Wednesday, December 17, 2008

Tried & True: Effetre 219 Opaque Copper Green

When Copper Green glass first came out, I was a newbie beadmaker on the scene, and enamored by its light fairy-green-looking rod color. I immediately bought some, even though the metallic sheen on some of the rods scared me. I hadn’t been working glass long, and I had no experience with glass that was reactive at all.

Once I started working with it, though, and figured out its little nuances and favorite flame environments, Copper Green became one of my all-time favorite glass colors.

This glass thrives in my neutral, slightly oxidizing, small-ish flame. When used as a base, a greyish coppery patina forms almost immediately as the glass begins to cool, once the round base bead is shaped. It melts like most other 104 opaque colors, and you’ll find that it acts very similarly in the flame as other Effetre handmade colors from that time period. It’s easy to pull into stringers, and easy enough to encase, as long as you keep in mind the patina that tends to form when the glass cools.
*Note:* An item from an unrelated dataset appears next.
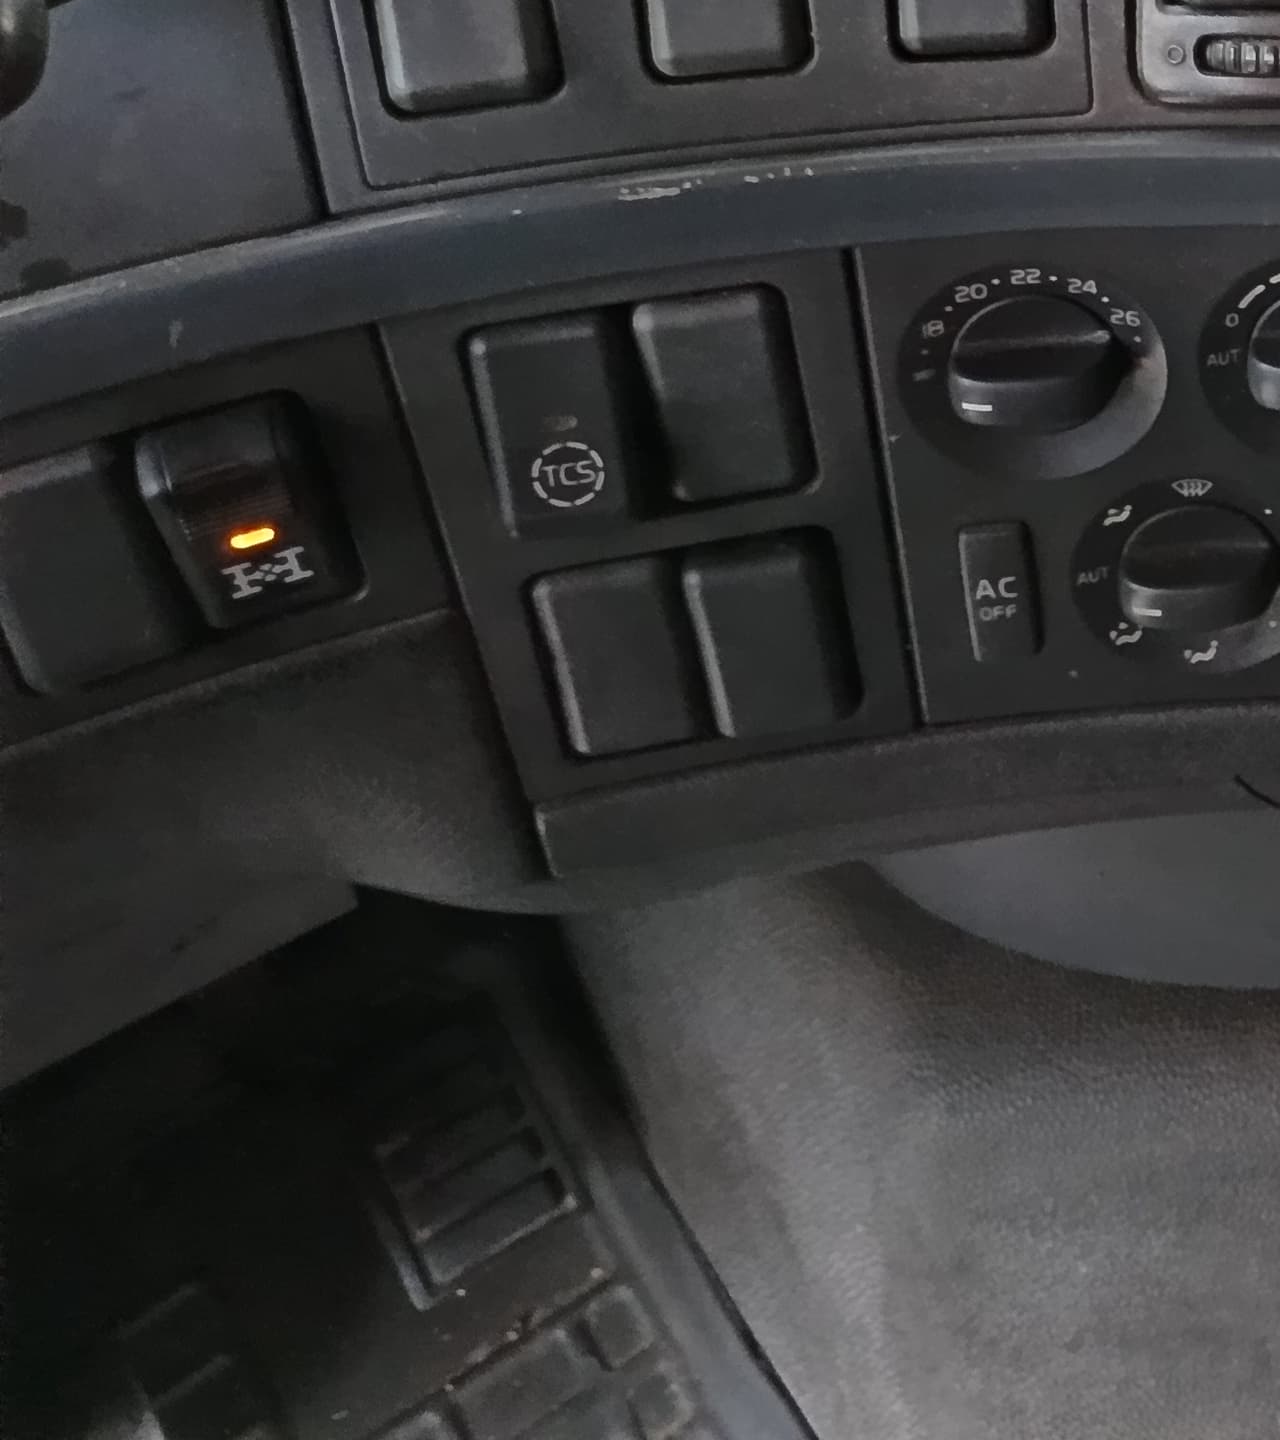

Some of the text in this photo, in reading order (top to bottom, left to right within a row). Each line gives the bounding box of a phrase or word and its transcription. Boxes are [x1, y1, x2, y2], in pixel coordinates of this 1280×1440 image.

Adding decoration to the plain Copper Green base can be a little tricky, because that metallic sheen can make it tough for your decoration to stick.
Make sure to spot heat the base bead right before adding decoration - this burns off the metallic so that your stringer will stick to the bead. If you wait too long, the metallic patina will form again, and your glass won't stick to it; timing is everything with this color!

Reducing your base of copper green will intensifiy the patina - which is in no way super consistent. It can get splotchy, and tends to form a thicker layer around the holes of the bead. That can be fun to play with though - and is wonderful for organic beads.

When Copper Green is left bare and the patina is burned off, the resulting colors range from soft green to turquoise and everywhere in between. The most prevalent color (for me anyway) is a minty-fresh green that is almost good enough to eat.

Try encasing Copper Green in layers of transparent Dark Sage or Yellow-Green for some nice shades.

Copper Green is also a highly reactive color - just try using it with colors like Ivory, Opal Yellow, Opaque Purple (EDP) or any other reactive color, and watch fun things happen. Copper Green tends to even react with itself to form striations of color and metal - so be careful when layering if that’s not what you’re going for.

Copper Green comes in a couple of different variations - the normal kind, which is what I have the most experience with, and what is talked about above; the true Red Copper Green, which is a whole different animal, and which I have next to no experience in working with; and a kind of hybrid of the two, which can be tough to work with, because it blushes an odd coppery pink in the most unexpected places. Both of the other variations can be a lot of fun - especially for people who love making freeform organic beads. Personally, I tend to prefer colors which are only slightly weird.

Copper Green - slightly weird, but absolutely enchanting once you get used to it.